ACTIVITY:
In the entries below, the line with "Some of the words" marks the start. Return it and every following line exactly, ending with the last.

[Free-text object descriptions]
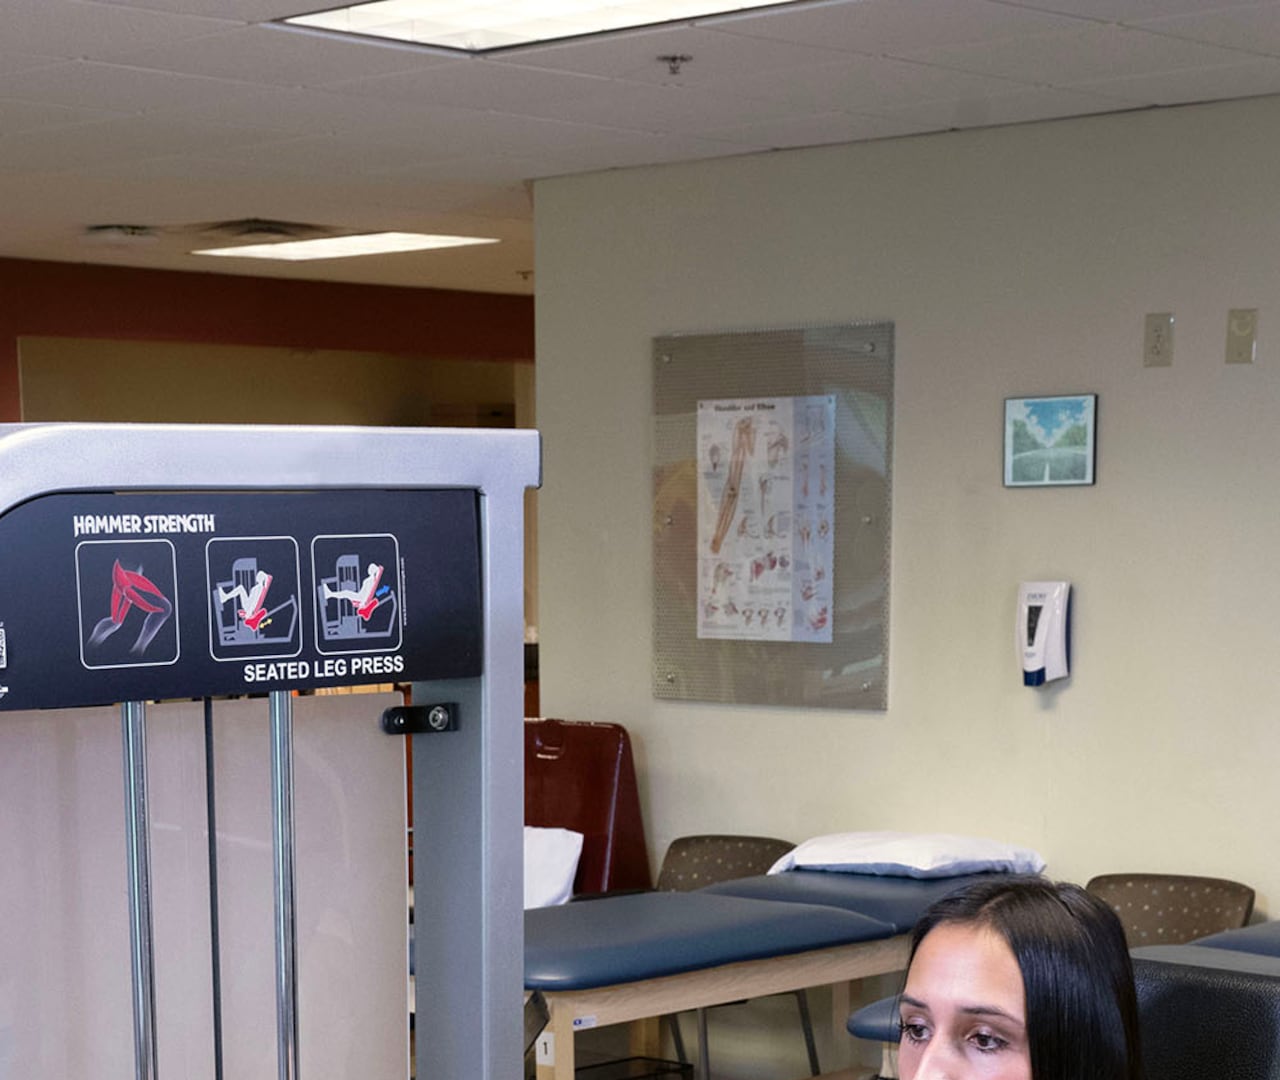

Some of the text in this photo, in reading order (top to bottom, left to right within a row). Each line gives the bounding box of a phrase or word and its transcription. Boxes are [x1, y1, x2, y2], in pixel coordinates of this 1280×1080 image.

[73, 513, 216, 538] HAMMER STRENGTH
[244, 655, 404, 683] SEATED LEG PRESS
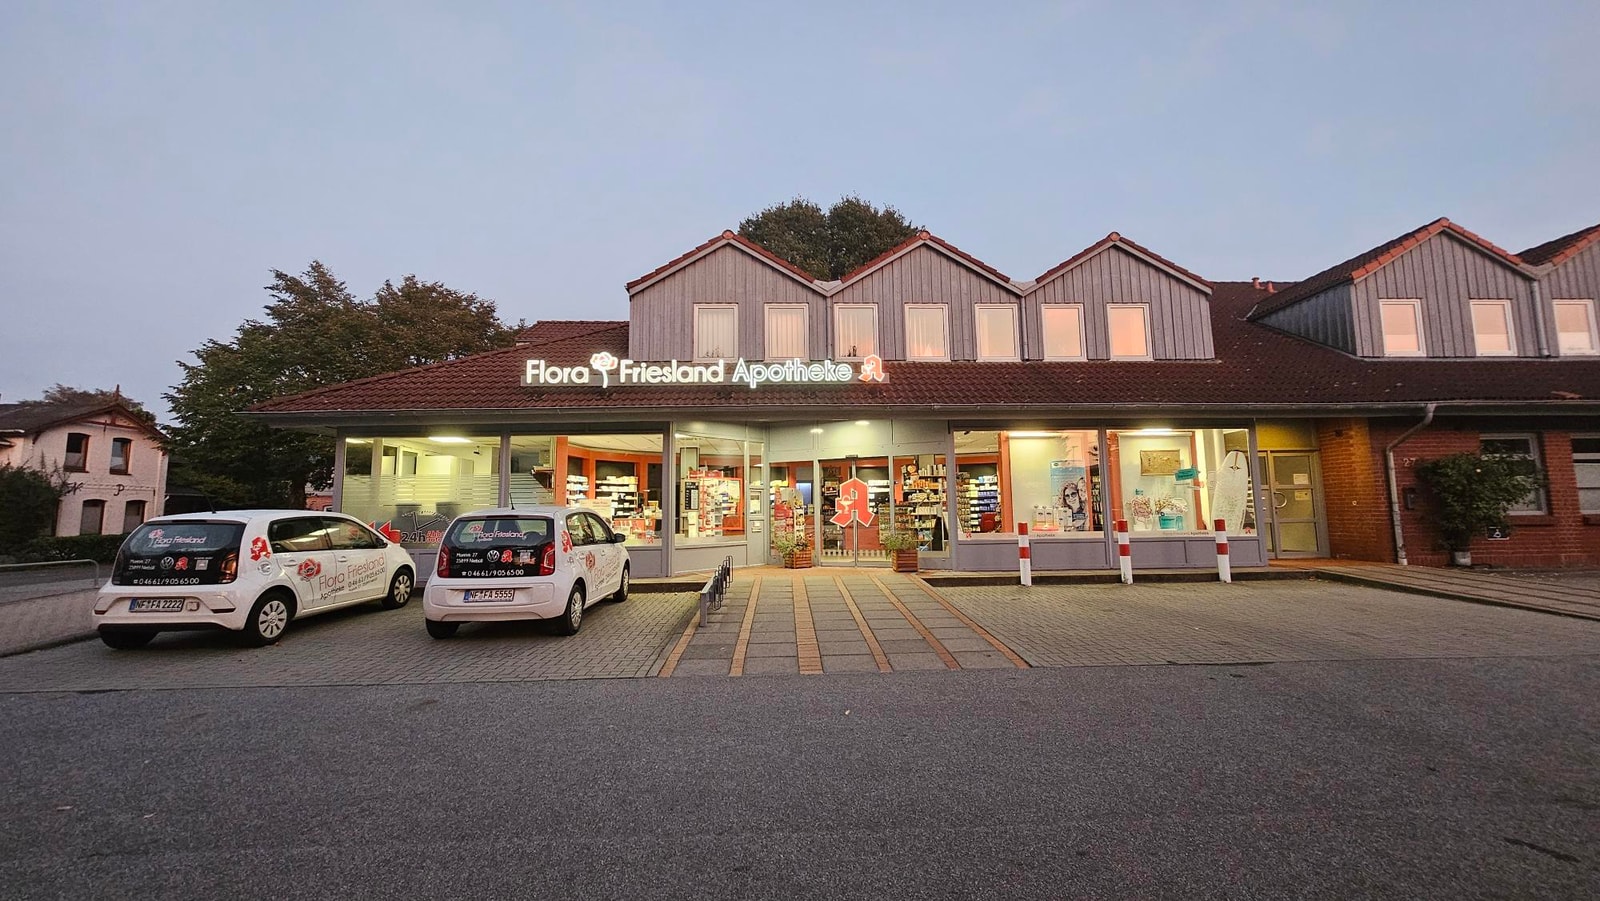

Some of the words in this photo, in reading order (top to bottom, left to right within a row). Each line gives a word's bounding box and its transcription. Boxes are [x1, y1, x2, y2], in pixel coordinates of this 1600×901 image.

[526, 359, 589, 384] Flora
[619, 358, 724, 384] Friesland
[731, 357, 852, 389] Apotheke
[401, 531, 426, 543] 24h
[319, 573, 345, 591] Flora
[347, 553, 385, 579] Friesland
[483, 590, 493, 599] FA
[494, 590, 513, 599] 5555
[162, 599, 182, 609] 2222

RESULT FOR THIS EXERCISE:
Some of the words in this photo, in reading order (top to bottom, left to right within a row). Each line gives a word's bounding box and its transcription. Boxes are [x1, y1, x2, y2], in pixel coordinates of this 1600×901 image.

[526, 359, 589, 384] Flora
[619, 358, 724, 384] Friesland
[731, 357, 852, 389] Apotheke
[401, 531, 426, 543] 24h
[319, 573, 345, 591] Flora
[347, 553, 385, 579] Friesland
[483, 590, 493, 599] FA
[494, 590, 513, 599] 5555
[162, 599, 182, 609] 2222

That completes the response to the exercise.